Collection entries
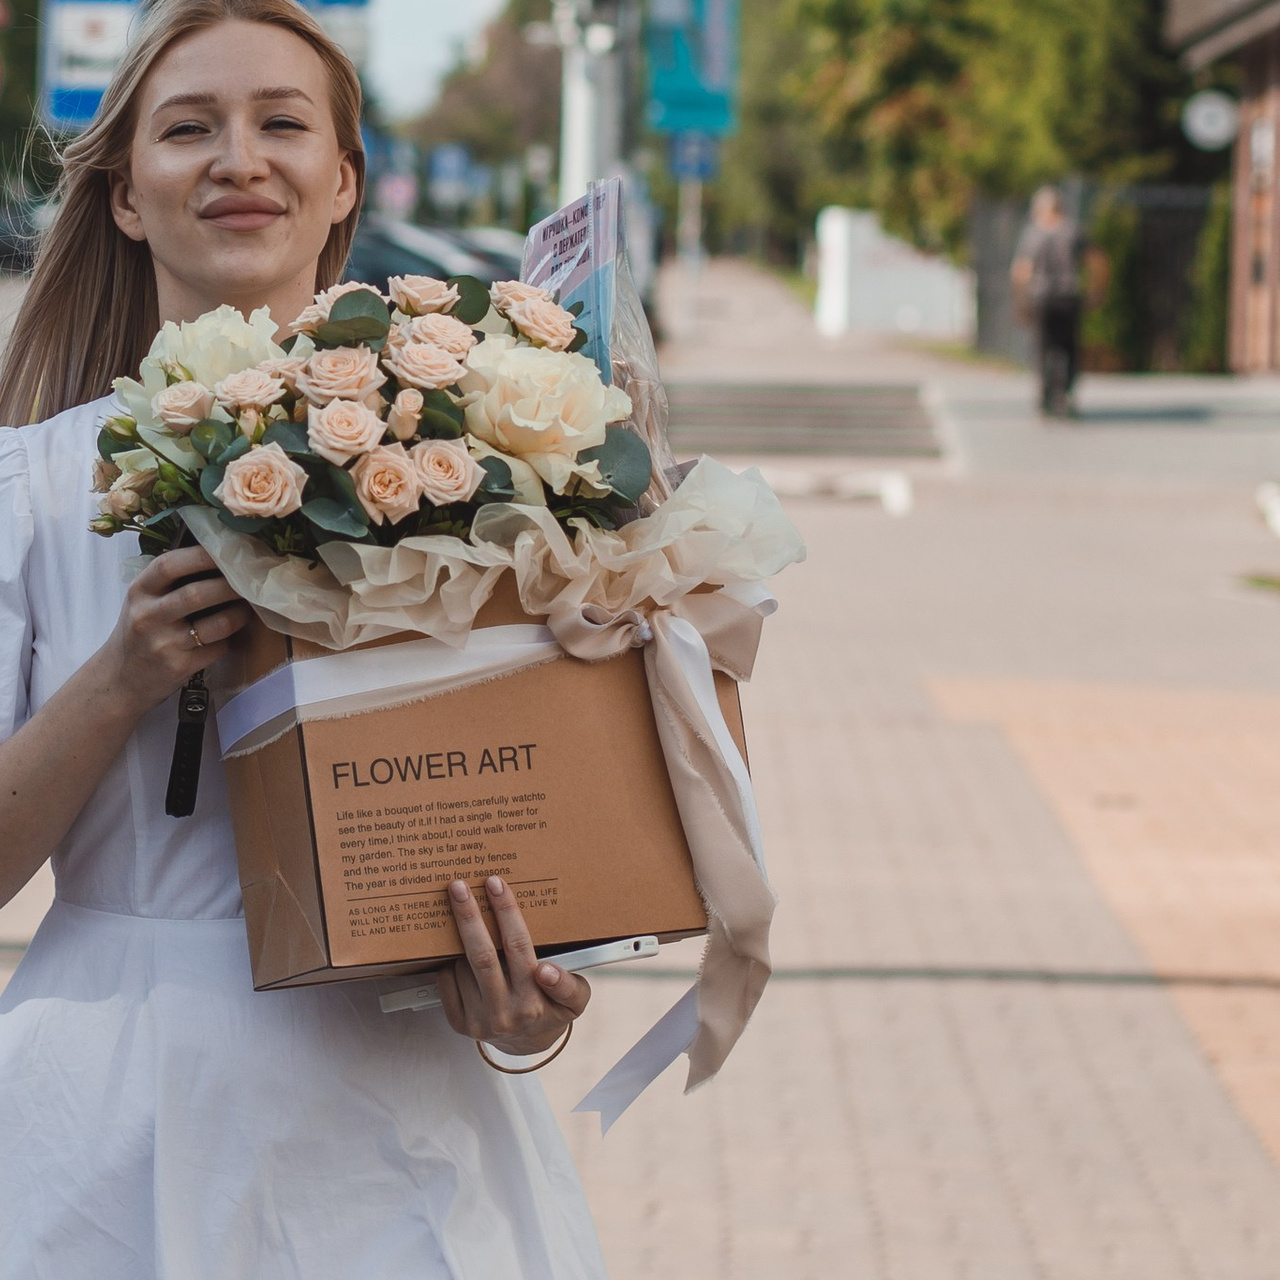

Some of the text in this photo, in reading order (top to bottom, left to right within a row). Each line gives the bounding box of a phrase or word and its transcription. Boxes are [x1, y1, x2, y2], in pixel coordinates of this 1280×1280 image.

[332, 744, 537, 789] FLOWER ART
[336, 811, 354, 821] Life
[357, 809, 373, 819] like
[376, 809, 382, 817] a
[384, 804, 423, 816] bouquet
[425, 802, 434, 811] of
[511, 792, 546, 803] watchto
[338, 826, 355, 835] see
[357, 823, 372, 833] the
[374, 820, 405, 831] beauty
[407, 818, 416, 828] of
[439, 814, 456, 825] had
[458, 815, 465, 823] a
[466, 811, 492, 822] single
[497, 808, 524, 819] flower
[526, 806, 539, 816] for
[340, 839, 366, 849] every
[396, 832, 420, 843] think
[456, 826, 481, 837] could
[483, 824, 504, 834] walk
[506, 820, 537, 832] forever
[539, 819, 548, 829] in
[341, 854, 356, 864] my
[359, 850, 396, 863] garden.
[397, 847, 416, 857] The
[418, 845, 434, 856] sky
[436, 844, 444, 853] is
[446, 842, 458, 852] far
[343, 852, 518, 877] and the world is surrounded by fences
[344, 867, 513, 891] The year is divided into four seasons.
[530, 899, 548, 908] LIVE
[550, 897, 558, 906] W
[540, 887, 558, 896] LIFE
[348, 898, 450, 916] AS LONG AS THERE ARE
[349, 909, 454, 927] WILL NOT BE ACCOMPAN
[351, 920, 447, 937] ELL AND MEET SLOWLY

* _What the task requires_: Repeat every record above exactly, except the pictures.

* _Written solution_:
Some of the text in this photo, in reading order (top to bottom, left to right within a row). Each line gives the bounding box of a phrase or word and its transcription. Boxes are [x1, y1, x2, y2], in pixel coordinates of this 1280×1280 image.

[332, 744, 537, 789] FLOWER ART
[336, 811, 354, 821] Life
[357, 809, 373, 819] like
[376, 809, 382, 817] a
[384, 804, 423, 816] bouquet
[425, 802, 434, 811] of
[511, 792, 546, 803] watchto
[338, 826, 355, 835] see
[357, 823, 372, 833] the
[374, 820, 405, 831] beauty
[407, 818, 416, 828] of
[439, 814, 456, 825] had
[458, 815, 465, 823] a
[466, 811, 492, 822] single
[497, 808, 524, 819] flower
[526, 806, 539, 816] for
[340, 839, 366, 849] every
[396, 832, 420, 843] think
[456, 826, 481, 837] could
[483, 824, 504, 834] walk
[506, 820, 537, 832] forever
[539, 819, 548, 829] in
[341, 854, 356, 864] my
[359, 850, 396, 863] garden.
[397, 847, 416, 857] The
[418, 845, 434, 856] sky
[436, 844, 444, 853] is
[446, 842, 458, 852] far
[343, 852, 518, 877] and the world is surrounded by fences
[344, 867, 513, 891] The year is divided into four seasons.
[530, 899, 548, 908] LIVE
[550, 897, 558, 906] W
[540, 887, 558, 896] LIFE
[348, 898, 450, 916] AS LONG AS THERE ARE
[349, 909, 454, 927] WILL NOT BE ACCOMPAN
[351, 920, 447, 937] ELL AND MEET SLOWLY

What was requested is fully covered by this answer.